September 2009 is a big month for both AMD and Intel in nearly equal measures. While Intel introduced its brand new socket LGA-1156 family of processors and the Intel P55 chipset to drive its platform, AMD launched the industry's first DirectX 11 compliant lineup of graphics processors, particularly the Radeon HD 5870 (our review here), which is powered by the fastest graphics processor currently available. To ensure that the graphics card is working to its full-potential, one of the important factors is the system interface, and the system's ability to provide as much bandwidth as it can to the GPU. One of the characteristic features of Intel's socket LGA-1156 processors is the on-die PCI-Express 2.0 switch that can provide a PCI-Express 2.0 x16 link for graphics.



Thanks to the modular, scalable design of PCI-Express, consisting of independent data-paths called 'lanes', motherboard designers can control a limited PCI-Express lane budget, and offer multiple PCI-Express x16 slots.
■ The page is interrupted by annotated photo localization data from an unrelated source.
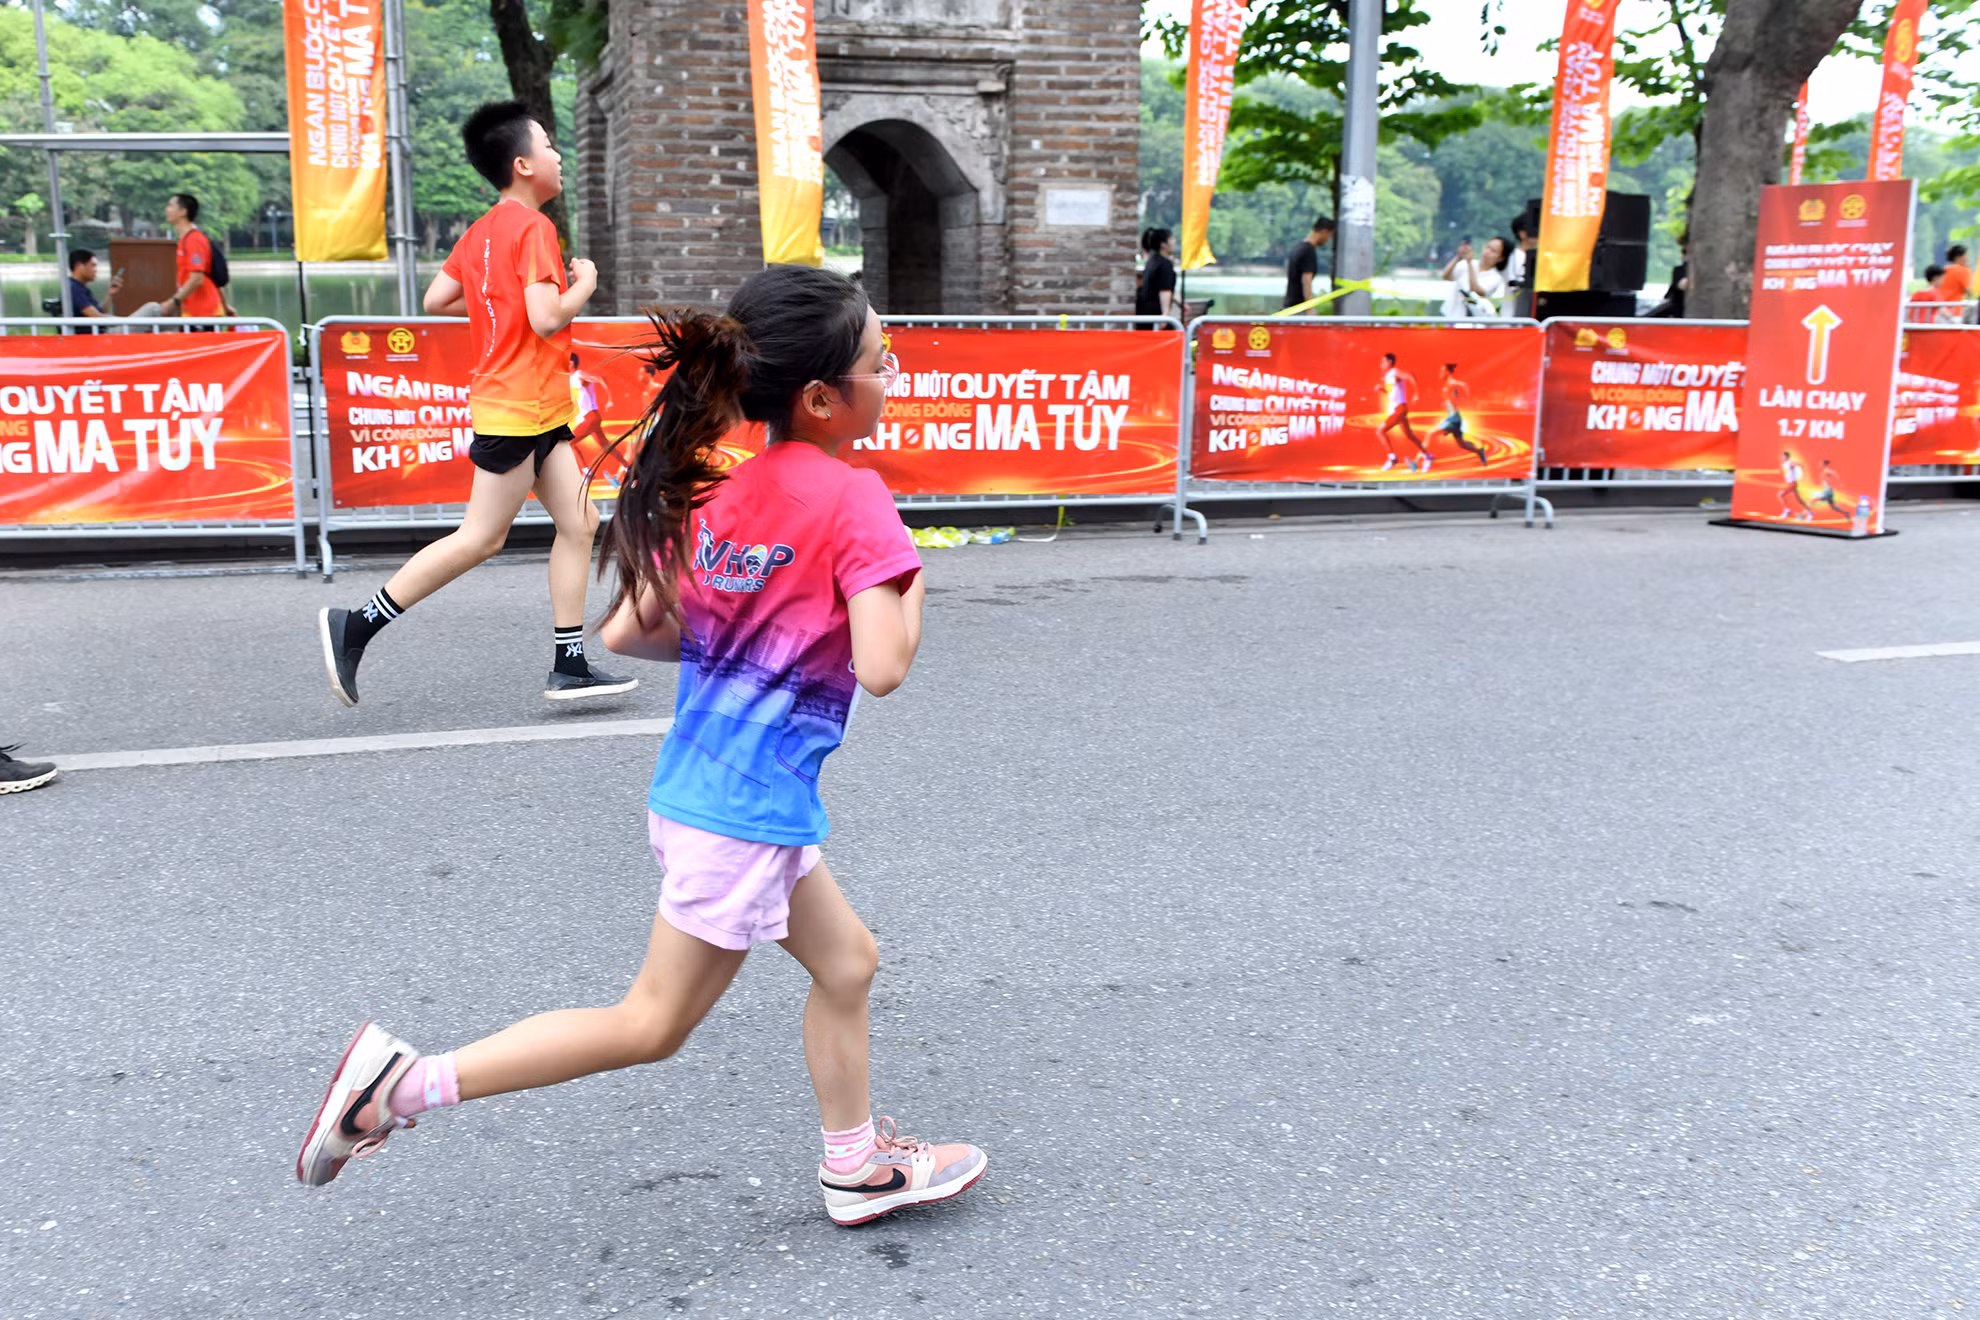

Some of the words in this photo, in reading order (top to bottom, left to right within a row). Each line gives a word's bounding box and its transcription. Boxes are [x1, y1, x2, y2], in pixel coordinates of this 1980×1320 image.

[346, 371, 431, 401] NGÀN
[913, 369, 951, 401] MỘT
[950, 369, 1056, 400] QUYẾT
[1060, 369, 1130, 401] TÂM
[1212, 363, 1278, 391] NGÀN
[0, 379, 128, 415] QUYẾT
[133, 377, 224, 413] TÂM
[923, 399, 972, 418] ĐỒNG
[1684, 390, 1739, 432] MA
[1759, 384, 1803, 408] LÀN
[1806, 389, 1867, 415] CHẠY
[348, 407, 393, 425] CHUNG
[975, 403, 1041, 451] MA
[1047, 398, 1129, 451] TÚY
[1289, 415, 1317, 441] MA
[1777, 418, 1807, 437] 1.7
[1809, 420, 1844, 439] KM
[34, 419, 120, 474] MA
[122, 411, 224, 473] TÚY
[350, 427, 371, 443] VÌ
In mid-range motherboards, and particularly in most motherboards based on Intel's newest P55 chipset, 16 PCI-Express lanes are used to drive two PCI-Express slots with bandwidths of 8 lanes each. These two slots can then accommodate two graphics cards for multi-GPU performance upscaling using ATI CrossfireX or NVIDIA SLI technologies. It should also be noted that PCI-Express 2.0 doubles the bandwidth available per lane. So if you read about PCI-E x8 2.0 in this review, these results are representative of a PCI-E x16 link in 1.1 mode - like on many old motherboard. Another important point to make is that PCI-Express is forward and backwards compatible. You can run any PCI-E 1.x card in a 2.0 slot or any 2.0 card in any 1.x slot, with reduced bandwidth of course.
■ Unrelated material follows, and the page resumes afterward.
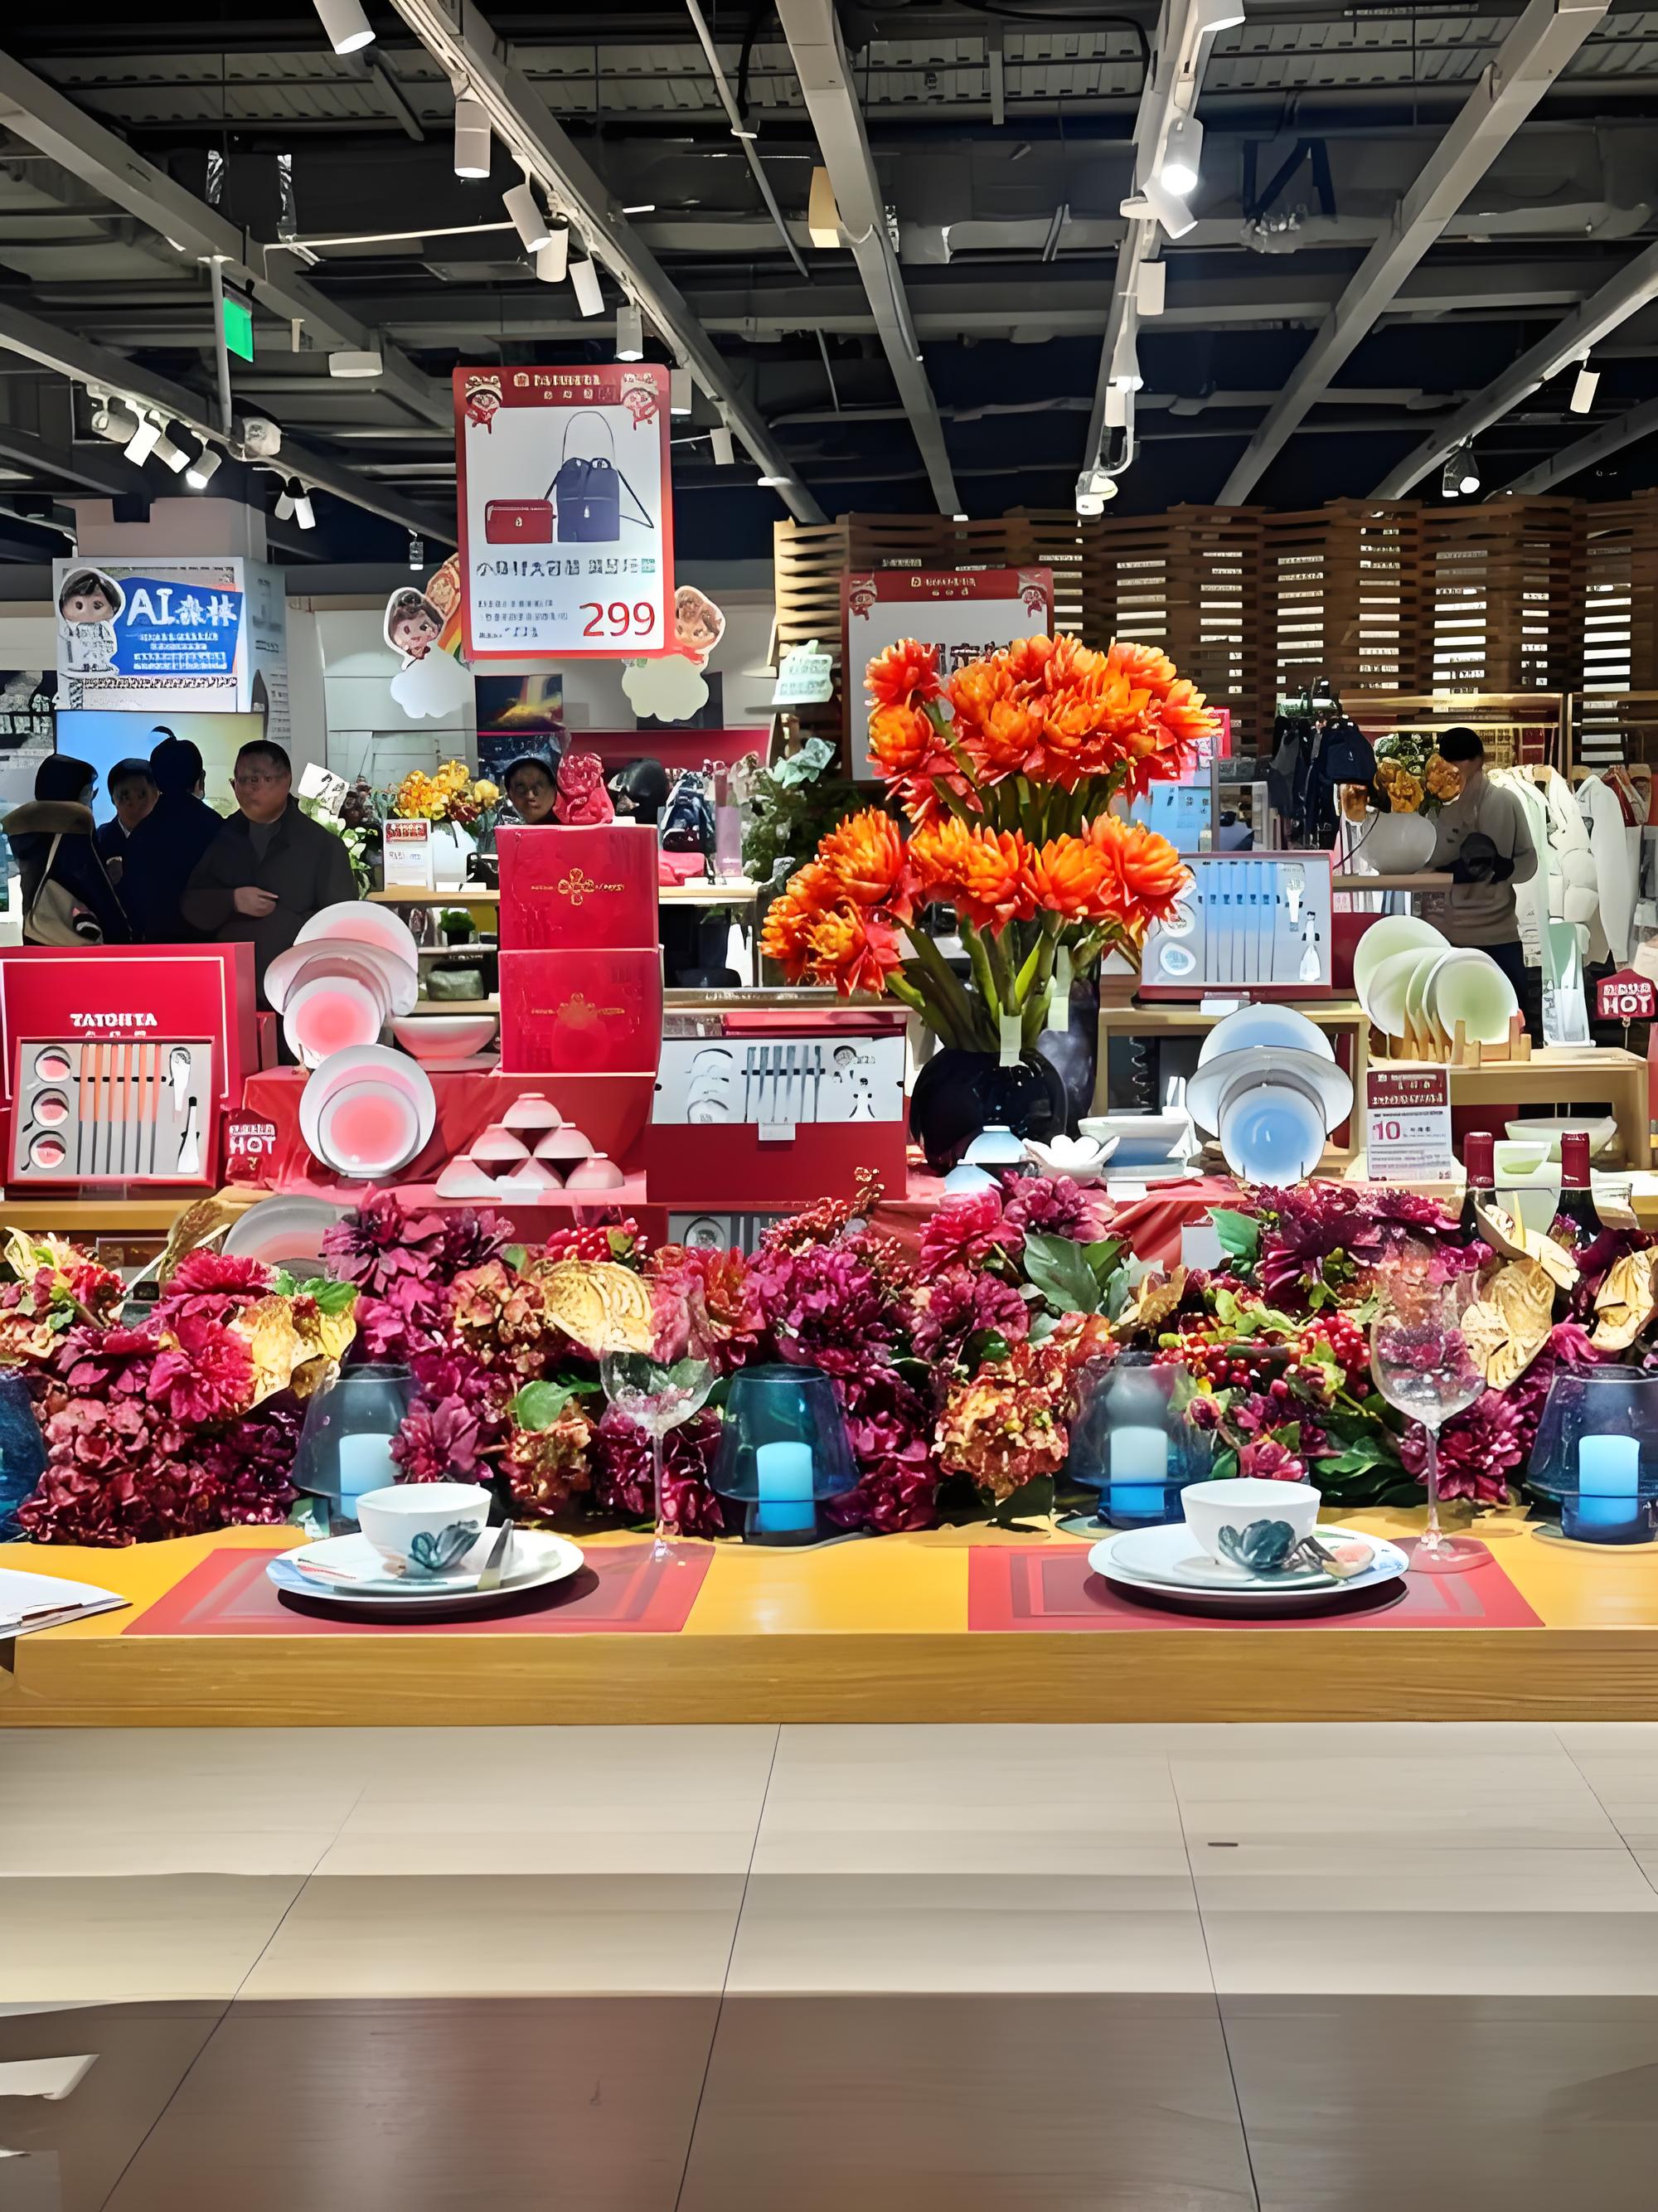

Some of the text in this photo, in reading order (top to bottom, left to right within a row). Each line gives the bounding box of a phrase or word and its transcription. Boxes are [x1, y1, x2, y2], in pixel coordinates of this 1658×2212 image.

[579, 602, 655, 637] 299
[1602, 995, 1651, 1015] HOT
[1373, 1121, 1401, 1141] 10
[229, 1136, 276, 1155] HOT
In this review, we test the impact of running the ATI Radeon HD 5870 graphics accelerator on PCI-Express slots that are electrically PCI-Express 2.0 x8, x4, and x1. This is done by covering the data-paths using thin, insulating adhesive tape, which turns off those data-paths (lanes), while still keeping the device functional. Tests at PCI-Express 2.0 x8 will show you how the Radeon HD 5870 with its seemingly heavy system bandwidth requirement fares on systems with PCI-Express 2.0 x16 electrical x8 slots. Tests at PCI-Express 2.0 x4 will give you a rough idea of how it fares on systems with PCI-Express x16 electrical x4 (there are plenty of such motherboards), and also systems with PCI-Express 1.1 x16 electrical 1.1 x8. Finally, we dared to run this monstrosity on just one PCI-Express 2.0 lane. Not only was it functional, but also stable, returning results on all the tests we threw at it. While not serving any practical purpose, tests on PCI-Express x1 are merely of academic relevance.